[What is being asked]
Could you set down only the lines from the one including "this 2000×1449 image." to the end of the records below, inclusive and exact, leaving pictures out?

[Data shown]
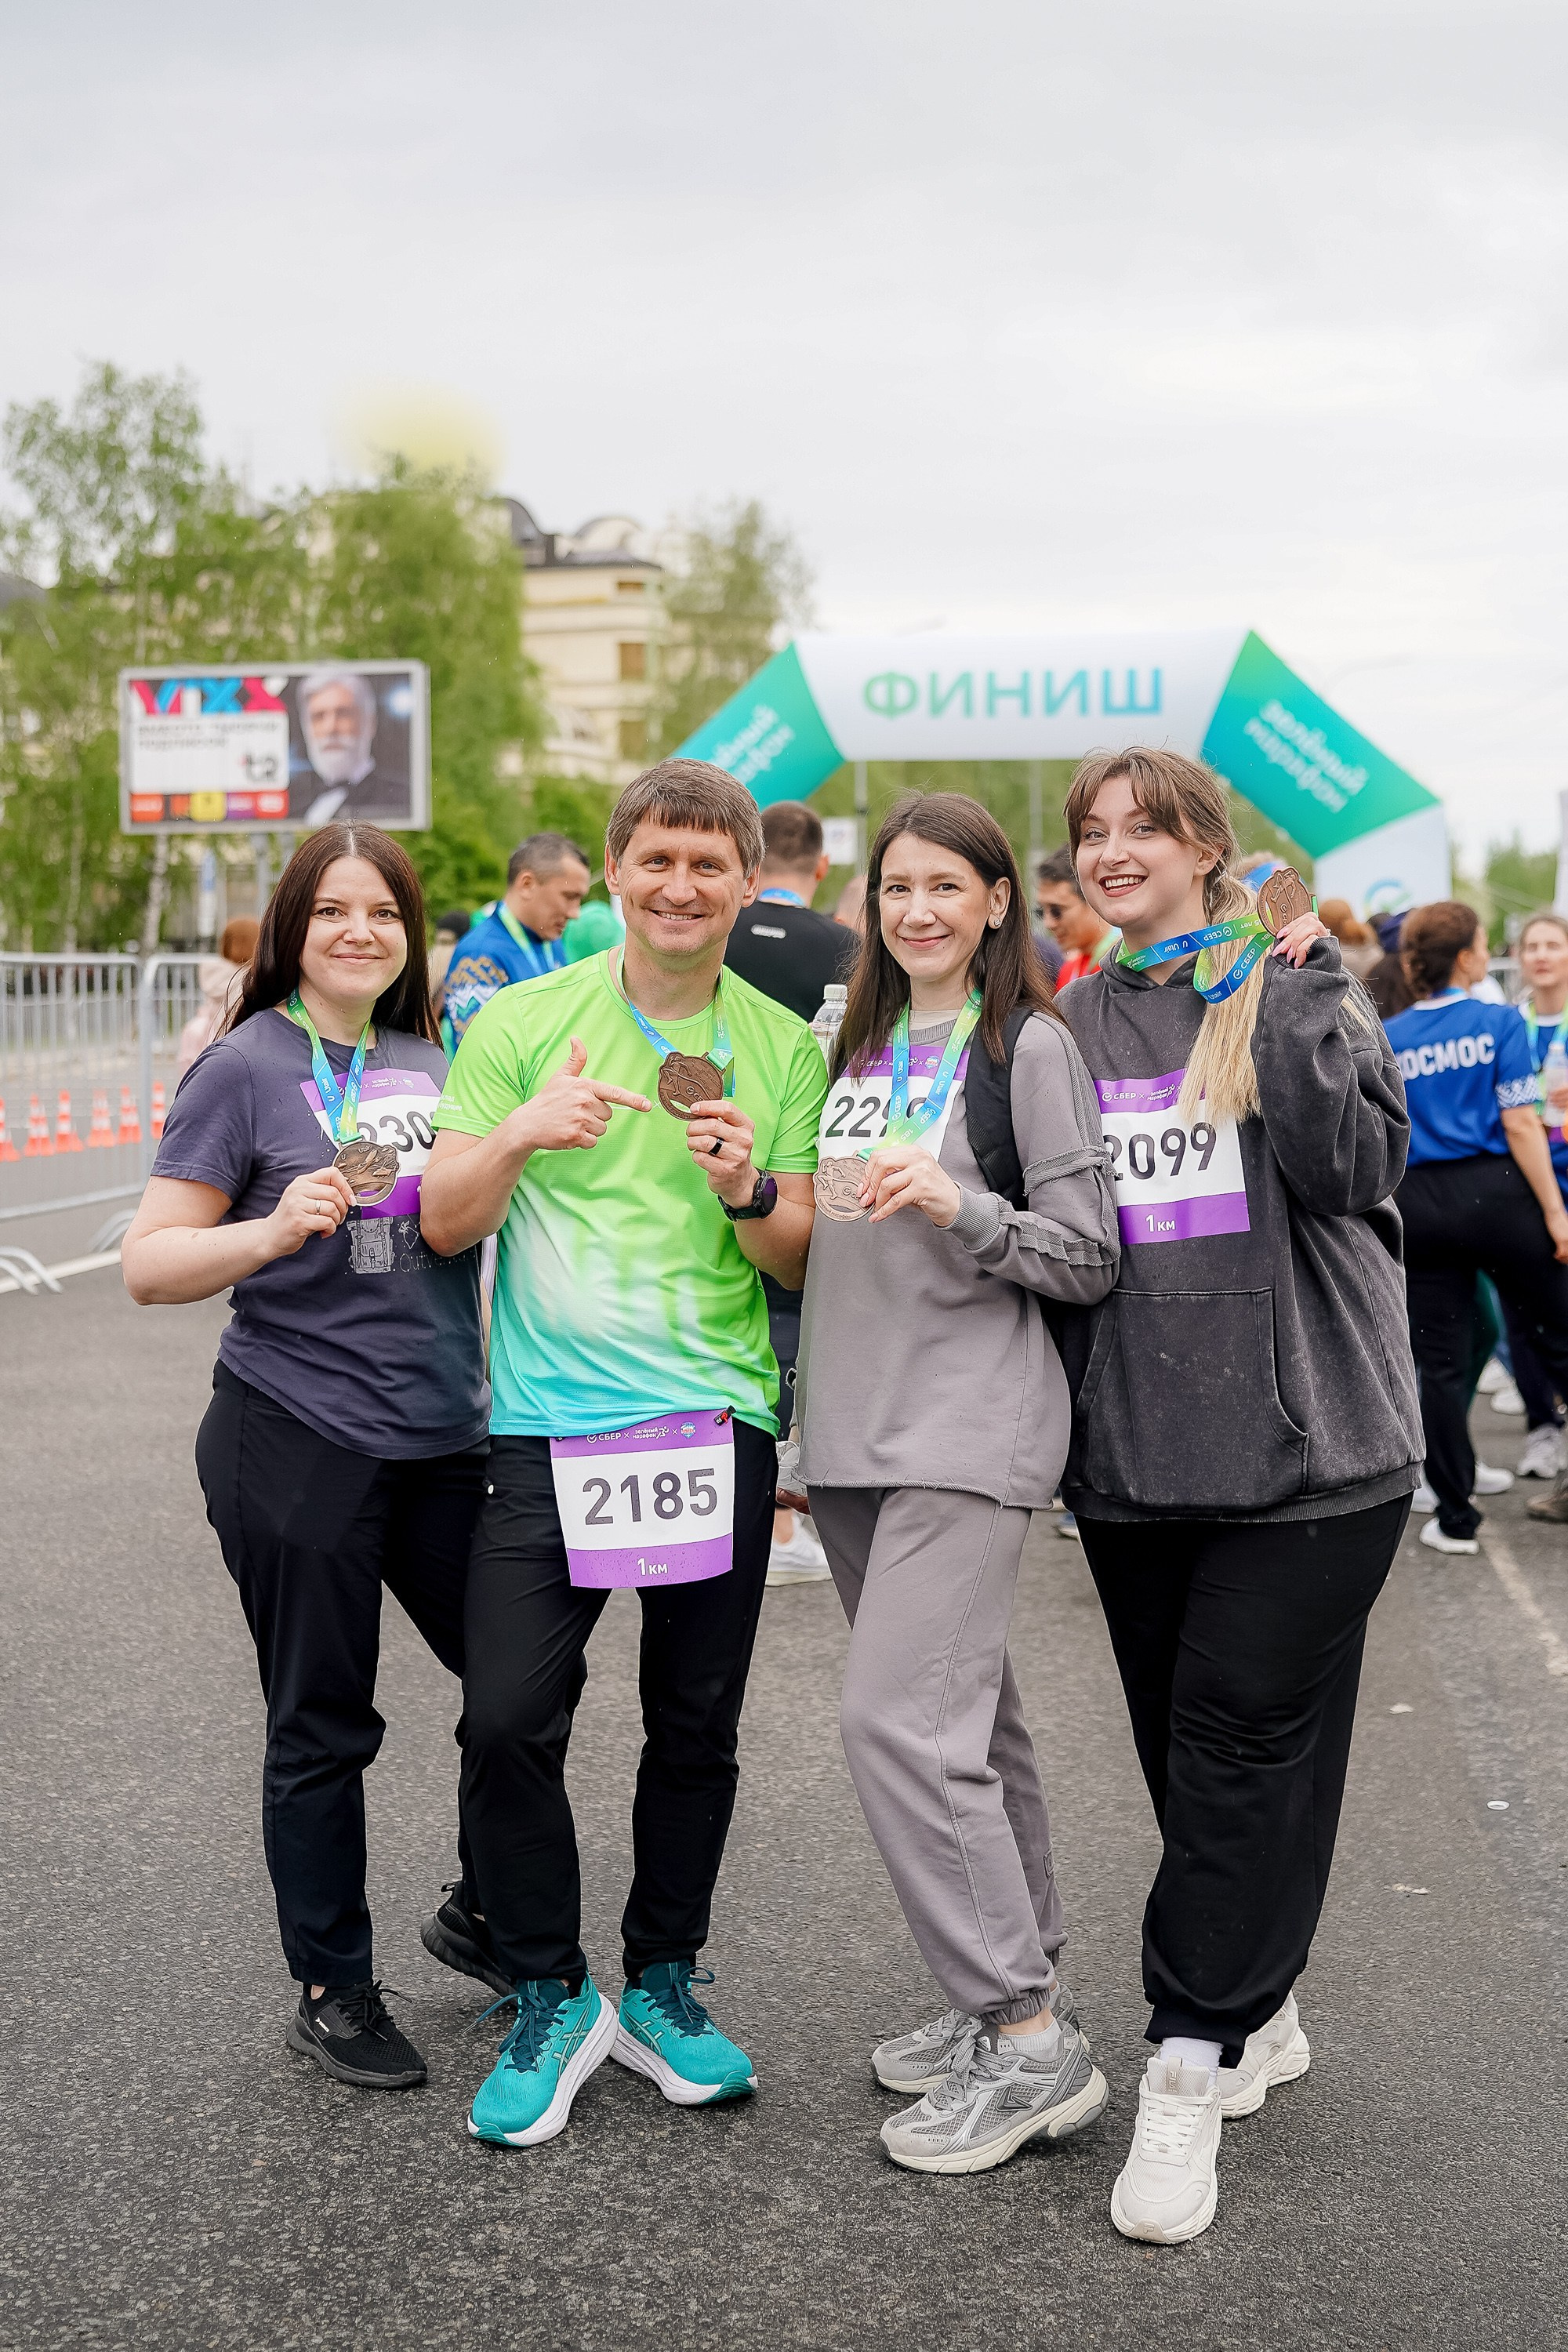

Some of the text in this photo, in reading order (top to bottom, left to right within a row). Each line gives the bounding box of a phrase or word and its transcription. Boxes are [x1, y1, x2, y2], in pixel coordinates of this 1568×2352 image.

[863, 668, 1161, 720] ФИНИШ
[1203, 930, 1223, 942] СБЕР
[1163, 943, 1180, 953] Utair
[1240, 948, 1256, 969] СБЕР
[1208, 990, 1222, 1000] Utair
[321, 1077, 332, 1094] Utair
[1102, 1122, 1217, 1181] 2099
[598, 1432, 622, 1441] СБЕР
[635, 1426, 659, 1435] зелёный
[583, 1468, 717, 1526] 2185
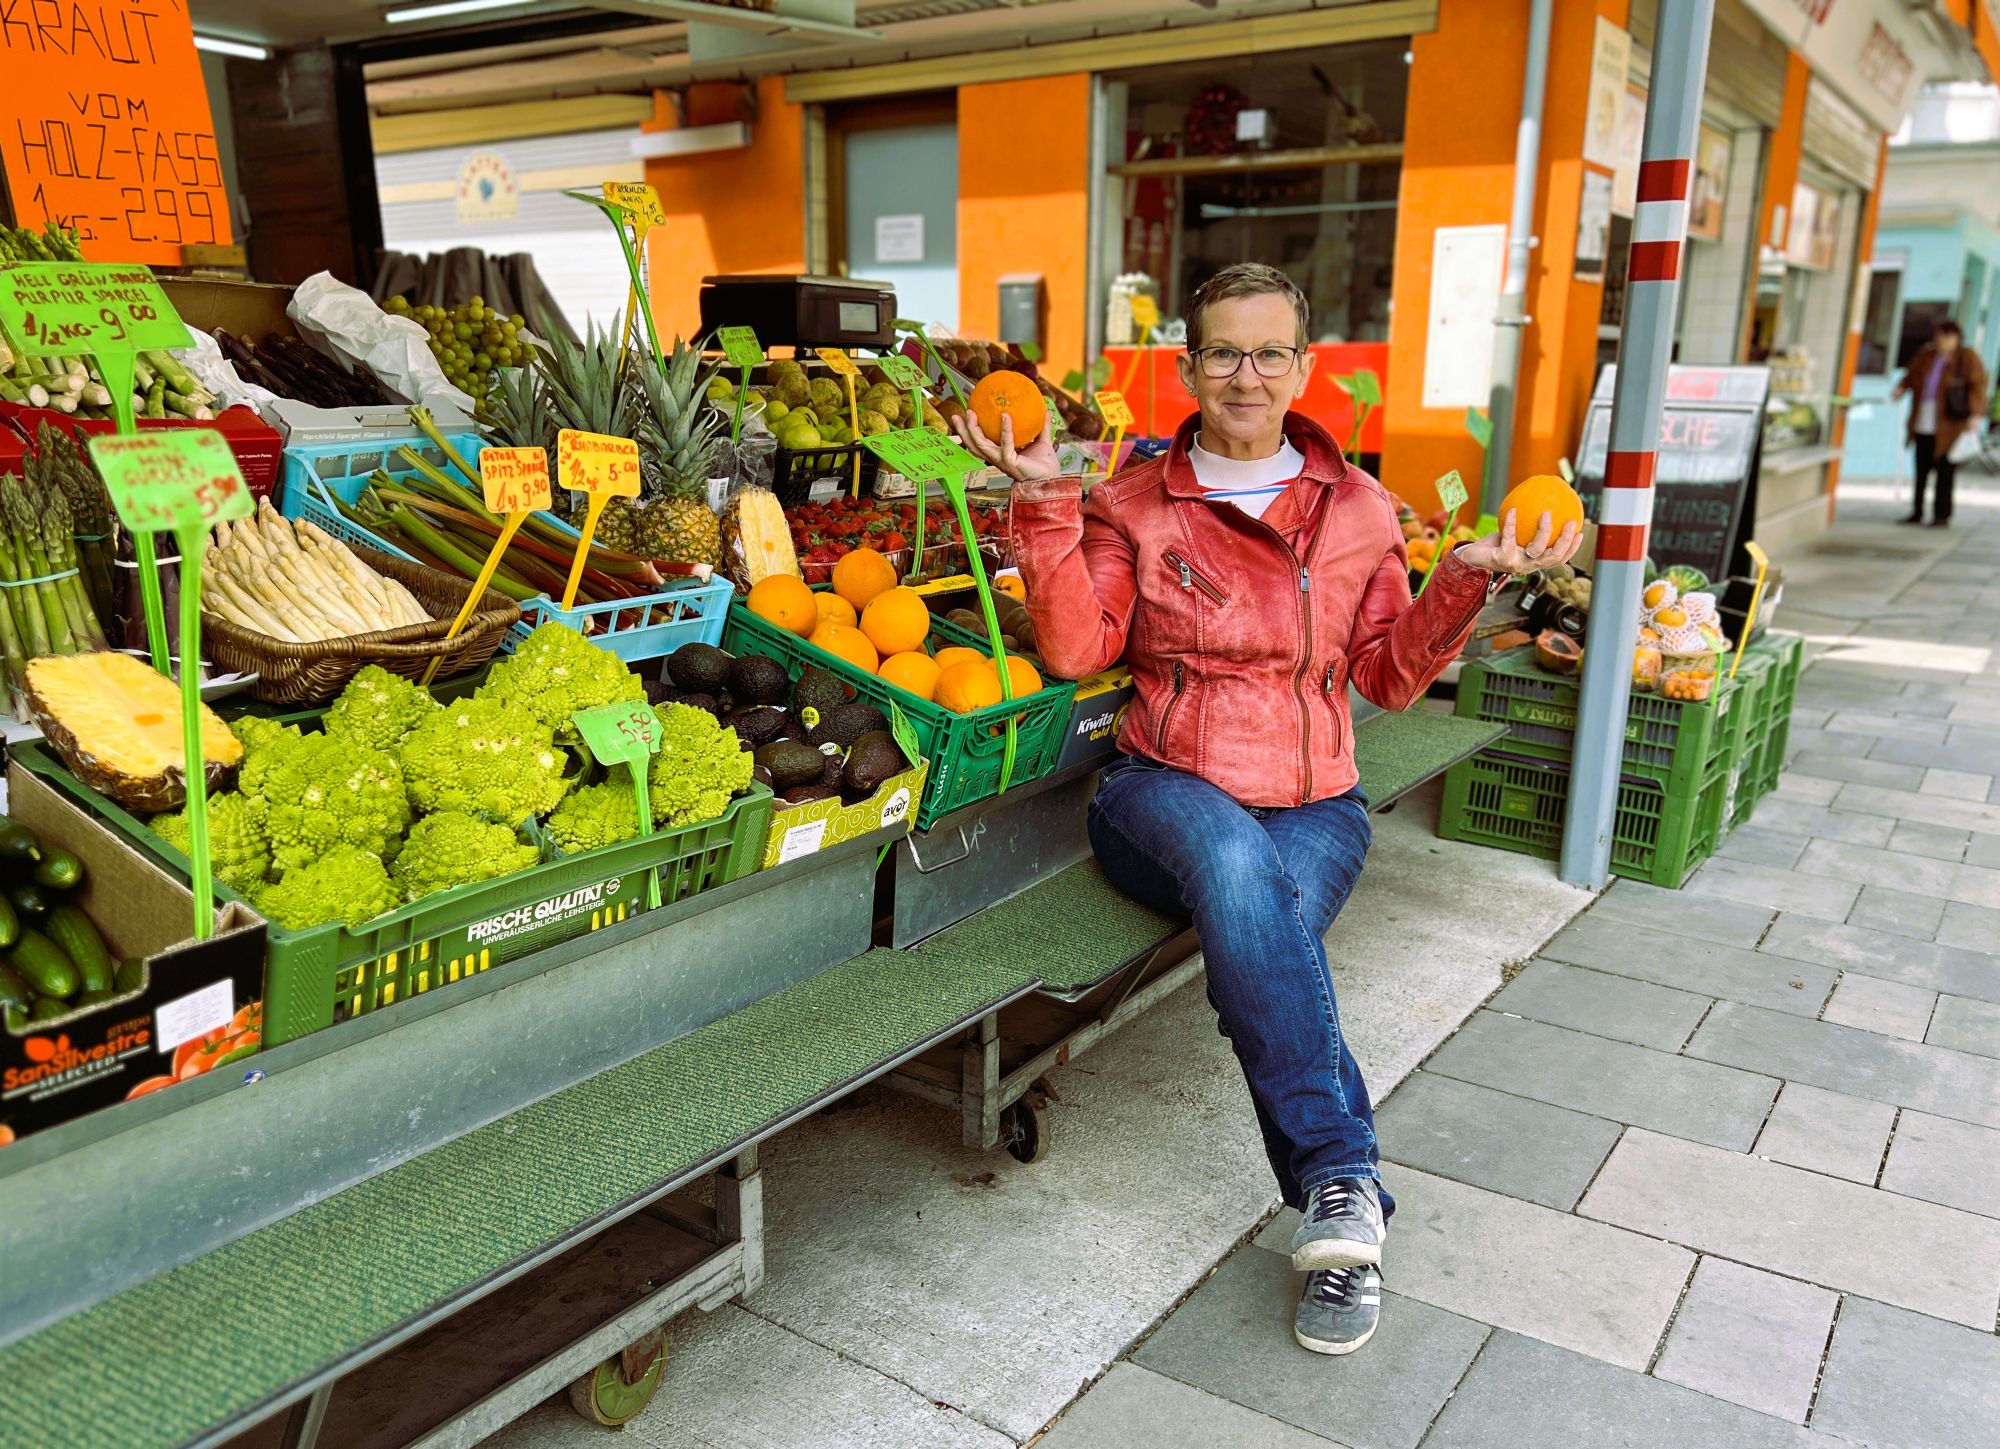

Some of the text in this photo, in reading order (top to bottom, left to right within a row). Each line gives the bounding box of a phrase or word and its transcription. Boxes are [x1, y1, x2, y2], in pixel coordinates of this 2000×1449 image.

[68, 91, 149, 123] VOM
[11, 273, 53, 288] HELL
[57, 270, 107, 287] GRÜN
[13, 288, 152, 306] PURPUR SPARGEL
[1076, 712, 1114, 735] Kiwita
[1089, 725, 1111, 741] Gold
[467, 905, 533, 942] FRISCHE
[482, 898, 606, 946] UNVERÄUSSERLICHE LEIHSTEIGE
[3, 1029, 150, 1090] SanSilvestre
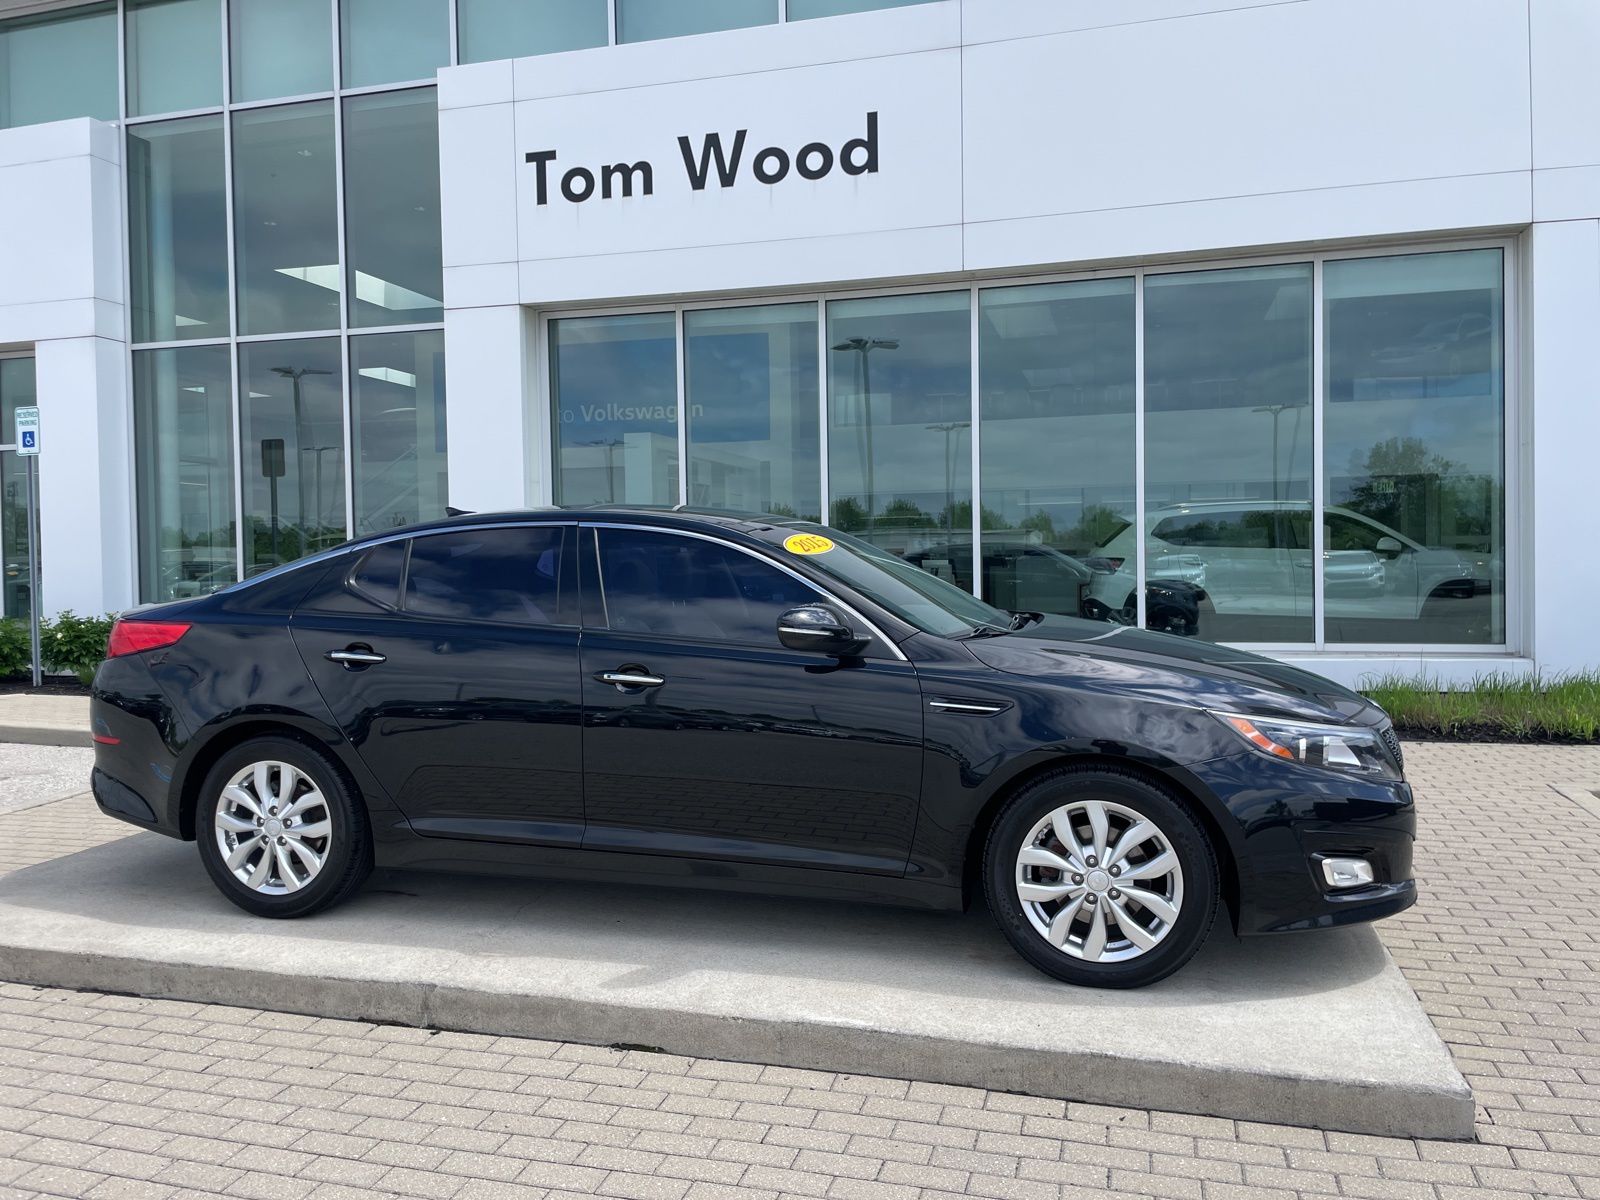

[Written solution]
Some of the text in this photo, in reading order (top to bottom, left to right within a row). Each line gives the bounding box of a phrase or word and its transcription. Boxes are [x1, y1, x2, y2], in pixel coordinates of this 2000×1449 image.

[68, 91, 149, 123] VOM
[11, 273, 53, 288] HELL
[57, 270, 107, 287] GRÜN
[13, 288, 152, 306] PURPUR SPARGEL
[1076, 712, 1114, 735] Kiwita
[1089, 725, 1111, 741] Gold
[467, 905, 533, 942] FRISCHE
[482, 898, 606, 946] UNVERÄUSSERLICHE LEIHSTEIGE
[3, 1029, 150, 1090] SanSilvestre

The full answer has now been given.